Task details >>
Could the data below be printed out exactly, with the pictures left out?

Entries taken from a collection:
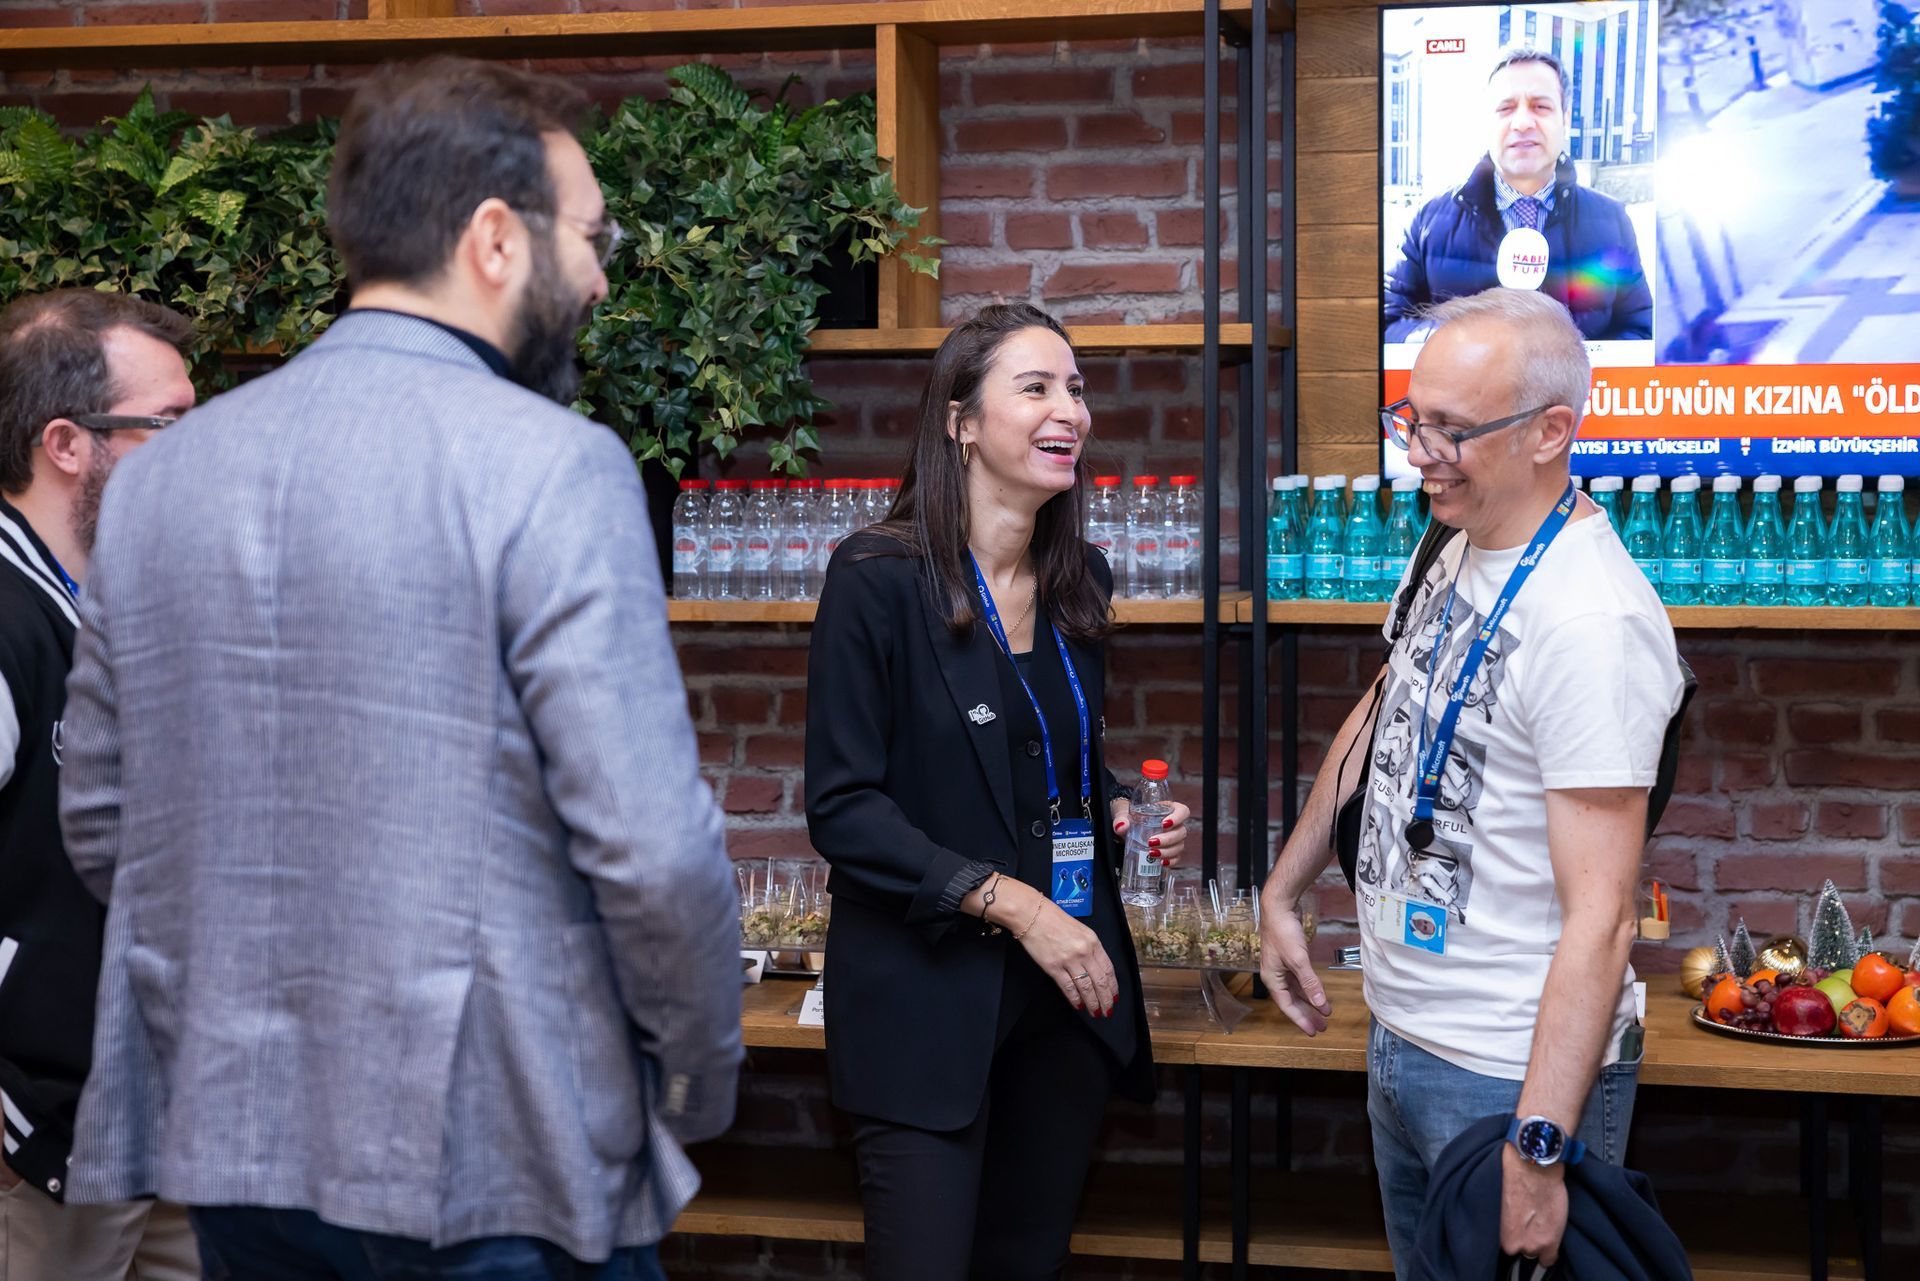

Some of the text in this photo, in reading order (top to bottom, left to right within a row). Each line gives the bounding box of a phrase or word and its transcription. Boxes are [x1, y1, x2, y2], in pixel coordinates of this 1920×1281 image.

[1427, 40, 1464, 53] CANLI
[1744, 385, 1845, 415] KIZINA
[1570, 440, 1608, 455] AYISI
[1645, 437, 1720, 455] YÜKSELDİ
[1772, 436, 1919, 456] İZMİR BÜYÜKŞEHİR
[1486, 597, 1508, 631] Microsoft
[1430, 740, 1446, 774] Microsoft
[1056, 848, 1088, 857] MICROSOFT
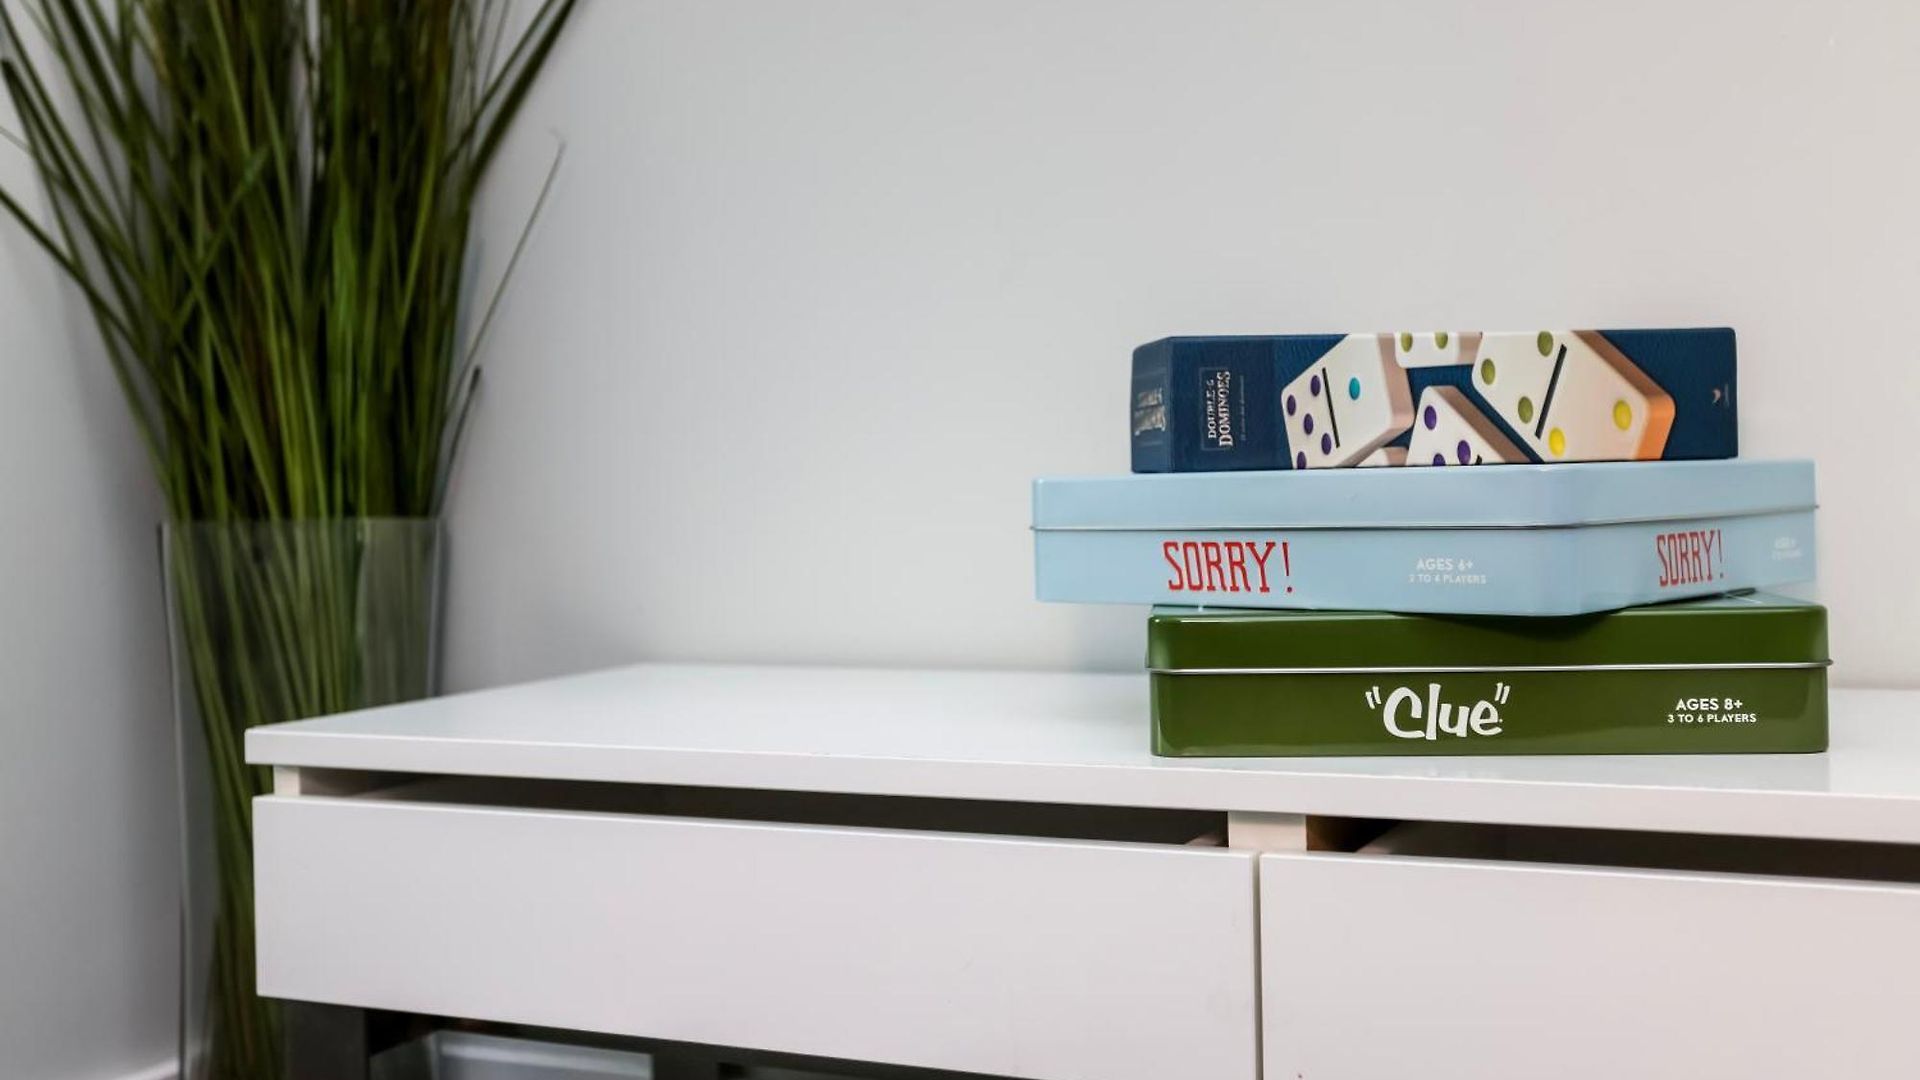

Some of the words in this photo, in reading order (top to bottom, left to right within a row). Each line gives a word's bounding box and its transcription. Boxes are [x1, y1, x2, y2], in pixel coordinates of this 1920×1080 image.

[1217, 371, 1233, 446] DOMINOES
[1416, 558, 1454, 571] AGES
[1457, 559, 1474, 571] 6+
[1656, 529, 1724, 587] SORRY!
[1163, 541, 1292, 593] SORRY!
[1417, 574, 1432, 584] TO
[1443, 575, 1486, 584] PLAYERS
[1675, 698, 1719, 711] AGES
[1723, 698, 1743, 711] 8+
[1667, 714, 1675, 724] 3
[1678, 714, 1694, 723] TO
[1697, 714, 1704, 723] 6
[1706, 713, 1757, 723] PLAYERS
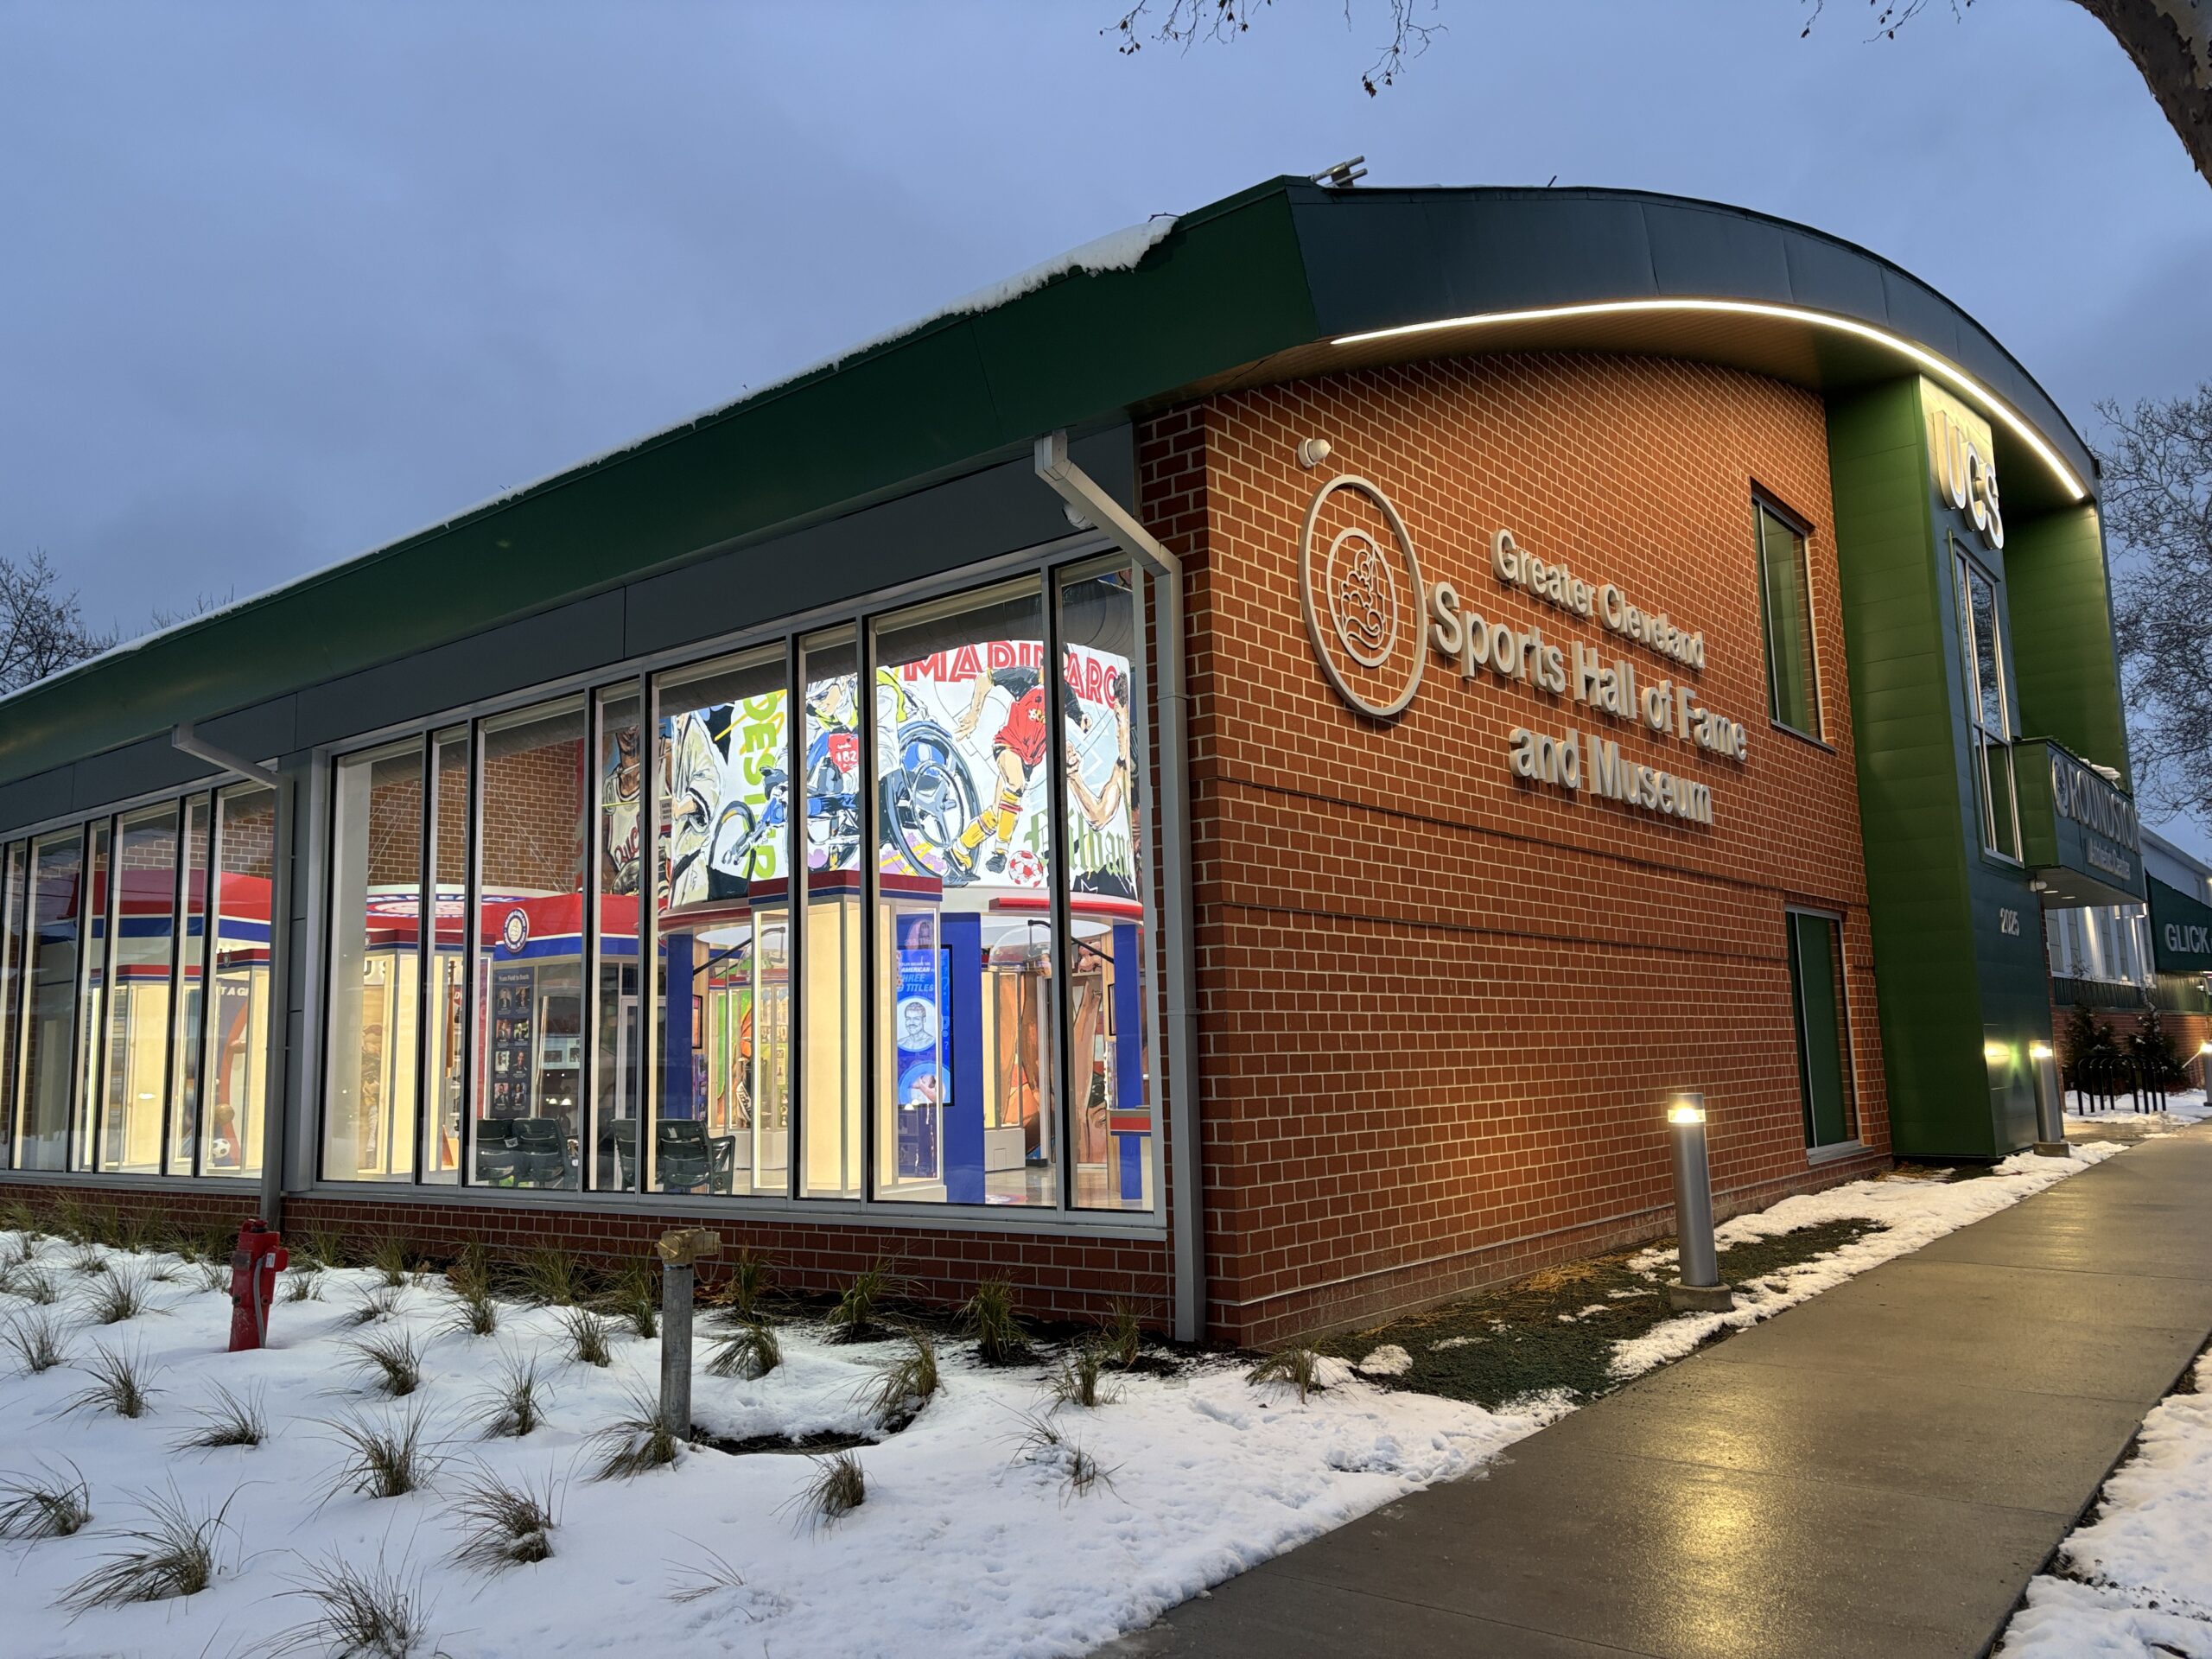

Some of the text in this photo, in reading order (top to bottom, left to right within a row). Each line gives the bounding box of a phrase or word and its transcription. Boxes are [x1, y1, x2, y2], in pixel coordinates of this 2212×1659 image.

Result of the task >>
Some of the text in this photo, in reading order (top to bottom, left to right within a row). Each line gives the bounding box of a phrase or word and its transcription. Boxes are [x1, y1, x2, y2], in pixel coordinates of this 1920×1281 image.

[1427, 40, 1464, 53] CANLI
[1744, 385, 1845, 415] KIZINA
[1570, 440, 1608, 455] AYISI
[1645, 437, 1720, 455] YÜKSELDİ
[1772, 436, 1919, 456] İZMİR BÜYÜKŞEHİR
[1486, 597, 1508, 631] Microsoft
[1430, 740, 1446, 774] Microsoft
[1056, 848, 1088, 857] MICROSOFT

Some of the words in this photo, in reading order (top to bottom, left to right within a row). Each line gives a word's bounding box and its transcription. Boxes are [x1, y1, x2, y2], in pixel coordinates of this 1920×1080 image.

[1217, 371, 1233, 446] DOMINOES
[1416, 558, 1454, 571] AGES
[1457, 559, 1474, 571] 6+
[1656, 529, 1724, 587] SORRY!
[1163, 541, 1292, 593] SORRY!
[1417, 574, 1432, 584] TO
[1443, 575, 1486, 584] PLAYERS
[1675, 698, 1719, 711] AGES
[1723, 698, 1743, 711] 8+
[1667, 714, 1675, 724] 3
[1678, 714, 1694, 723] TO
[1697, 714, 1704, 723] 6
[1706, 713, 1757, 723] PLAYERS

Some of the text in this photo, in reading order (top to bottom, left to right within a row). Each line gives the bounding box of a phrase or word and its transcription. Boxes are [x1, y1, x2, y2], in pixel coordinates of this 2212×1659 image.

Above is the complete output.